Толпа втолкнула меня в помещение. Я сразу почувствовала запах кала, мочи и немытого тела. Дом перевернули вверх дном. Мой взгляд упал на обвиняемую. Ей было лет сорок. Она, полураздетая, стояла посередине комнаты на коленях под голой лампочкой в пятнадцать ватт. В причудливых тенях коленопреклоненная фигура на полу выглядела гротескно. Волосы были растрепаны и запачканы кровью. С вытаращенными от ужаса глазами она кричала: «Хозяева, красные охранники! У меня нет портрета Чан Кайши! Клянусь!» Она громко билась головой об пол, из ее лба сочилась кровь. Спину покрывали порезы и кровоподтеки. Когда она в поклоне приподнялась, сзади на ней стали видны грязные пятна и еще сильнее завоняло испраженениями. Я отвернулась и увидела ее мучителя, семнадцатилетнего юношу по фамилии Цянь, к которому до сих пор испытывала симпатию. Он, удобно расположившись на стуле, поигрывал медной пряжкой ремня. «Скажи правду, иначе получишь еще», - проговорил он скучающим тоном.

Отец Цяня служил в Тибете.
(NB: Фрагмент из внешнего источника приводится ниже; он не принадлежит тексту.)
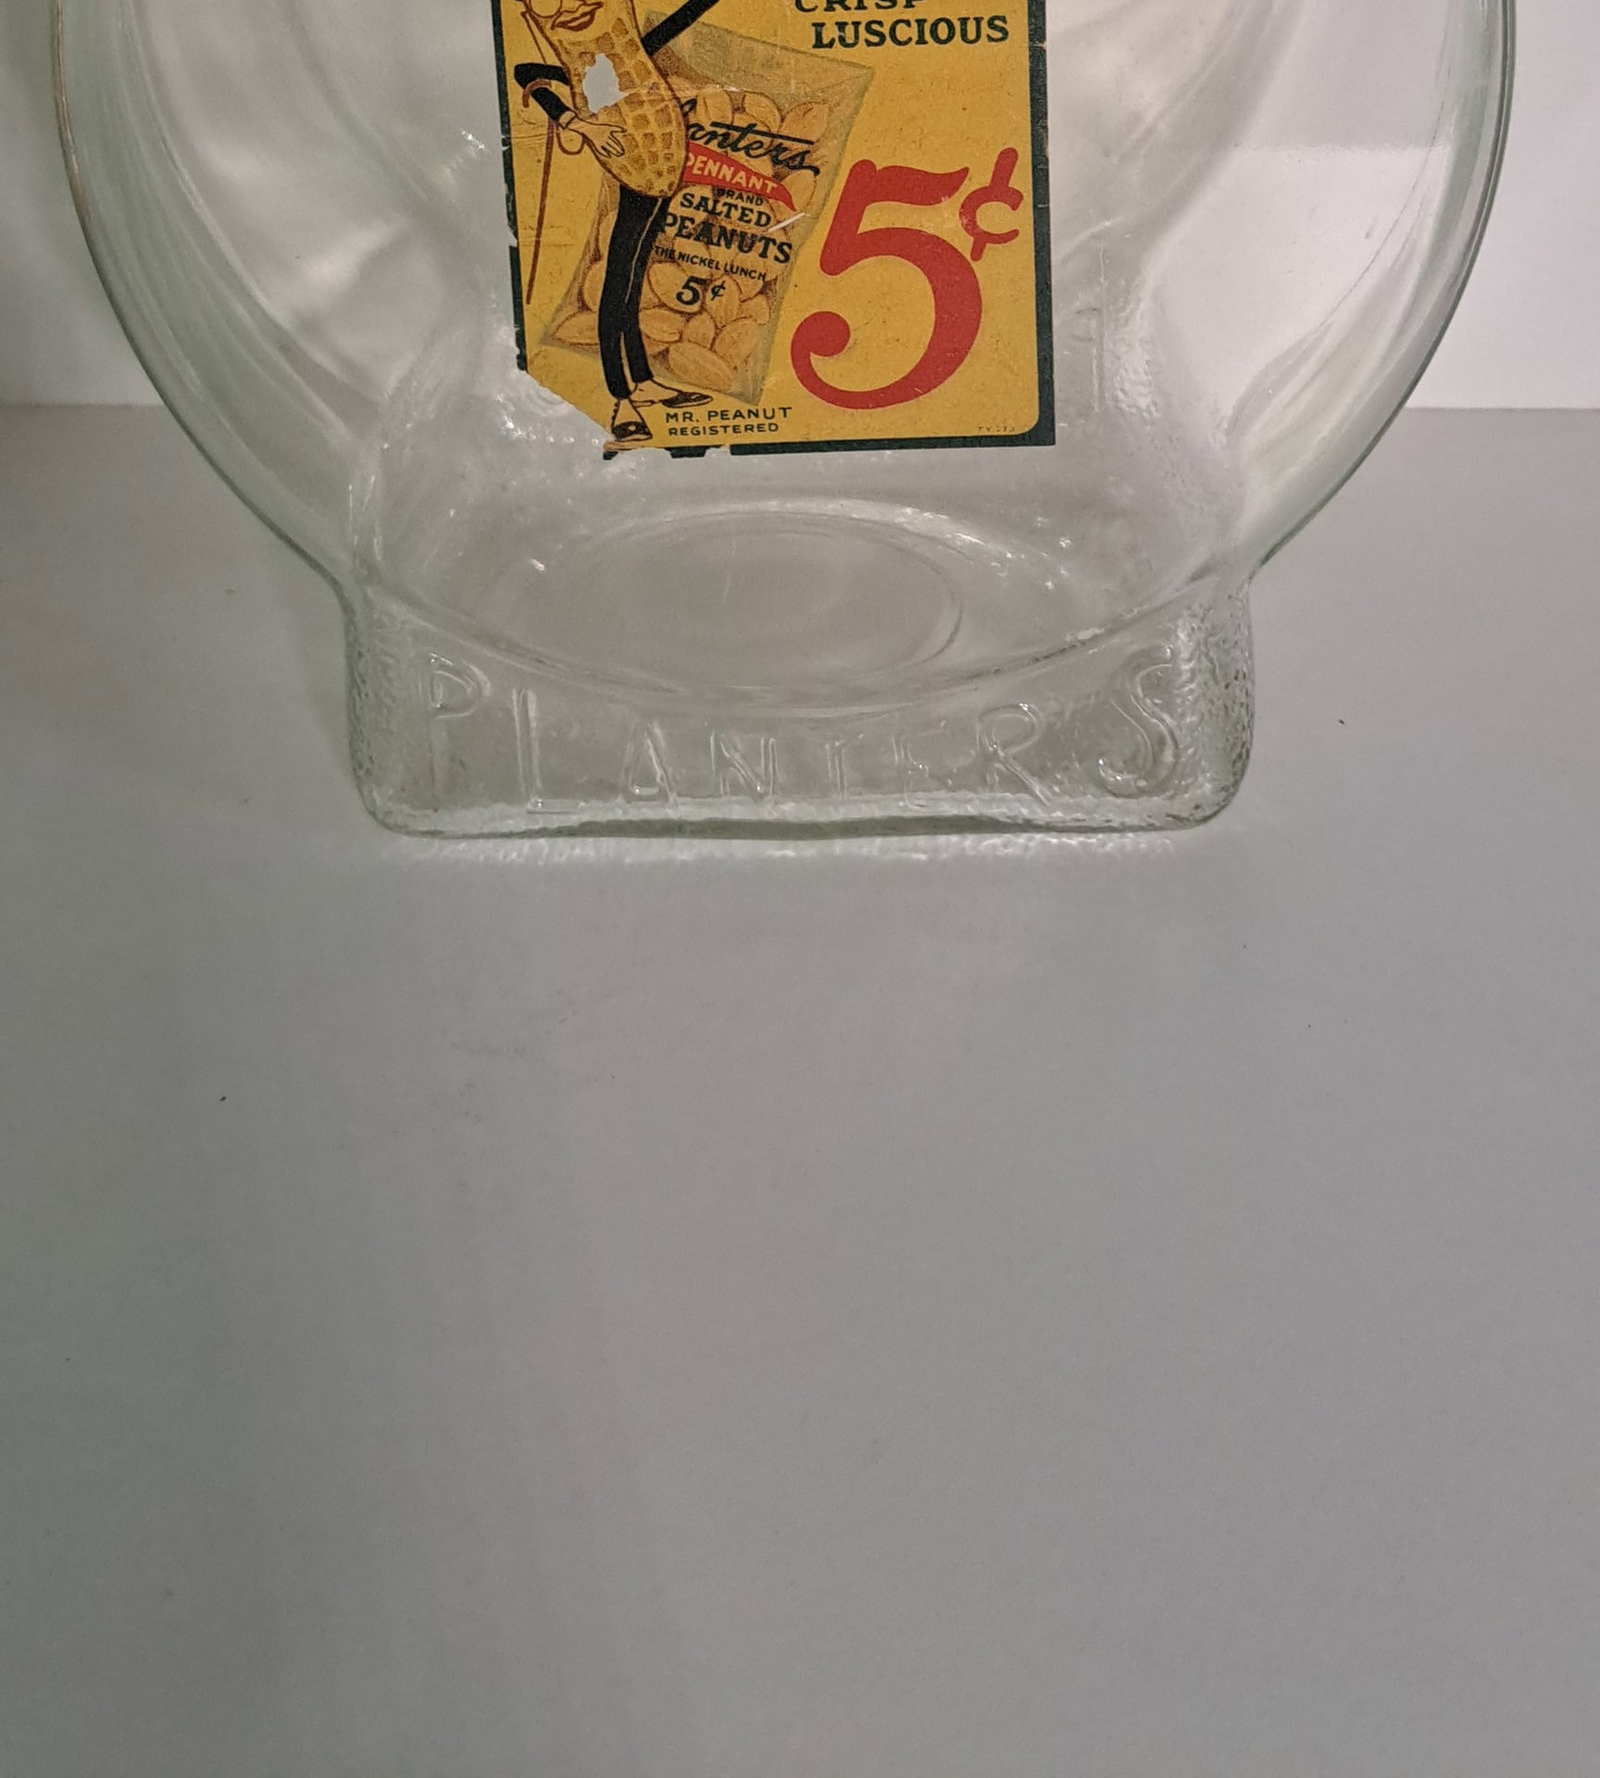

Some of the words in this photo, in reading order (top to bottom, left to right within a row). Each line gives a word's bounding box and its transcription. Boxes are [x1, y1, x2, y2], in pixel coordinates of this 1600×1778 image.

[812, 15, 1009, 49] LUSCIOUS
[679, 192, 772, 228] SALTED
[716, 188, 764, 207] BRAND
[660, 211, 793, 264] PEANUTS
[654, 245, 675, 260] THE
[677, 251, 721, 271] NICKEL
[724, 263, 767, 282] LUNCH
[665, 411, 700, 423] MR.
[707, 406, 793, 422] PEANUT
[668, 422, 780, 437] REGISTERED
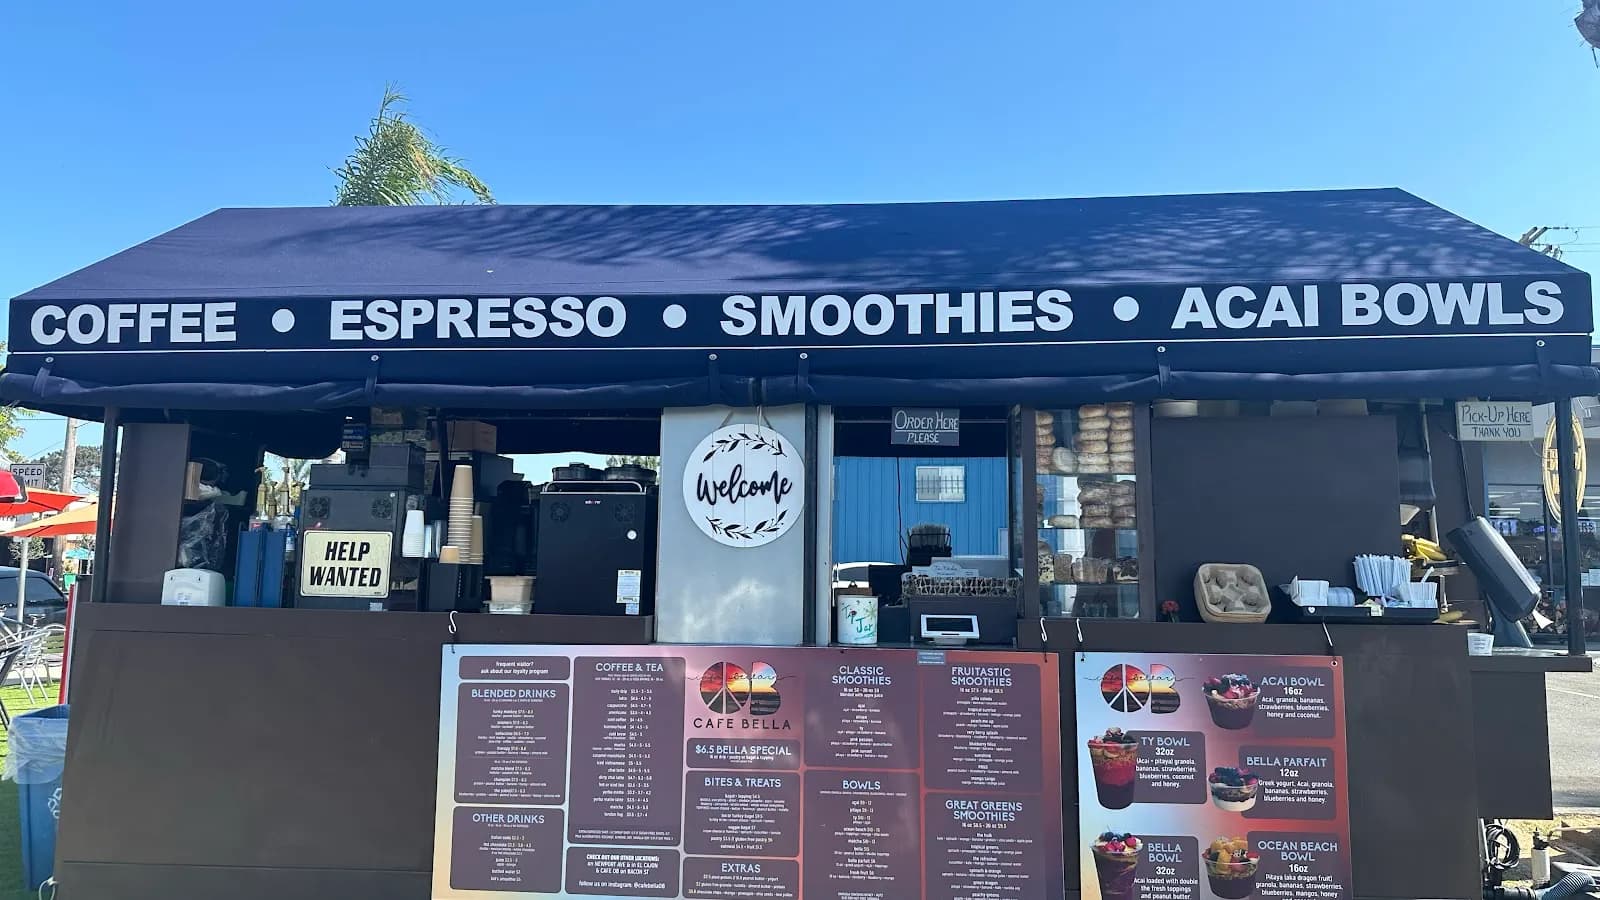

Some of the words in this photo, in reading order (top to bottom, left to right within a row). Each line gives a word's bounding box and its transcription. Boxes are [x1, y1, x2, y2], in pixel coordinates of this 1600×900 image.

Большинство расквартированных там офицеров оставляли семьи в Чэнду, ближайшем китайском городе, потому что Тибет считался диким и не приспособленным для жизни. Раньше мне нравилась ленивая манера Цяня, я принимала ее за мягкость. Я пролепетала, стараясь одолеть дрожь в голосе: «Разве Председатель Мао не учит нас приемам «словесной борьбы» (вэнь доу) взамен «воинской» (у доу)? Может быть, не стоит...»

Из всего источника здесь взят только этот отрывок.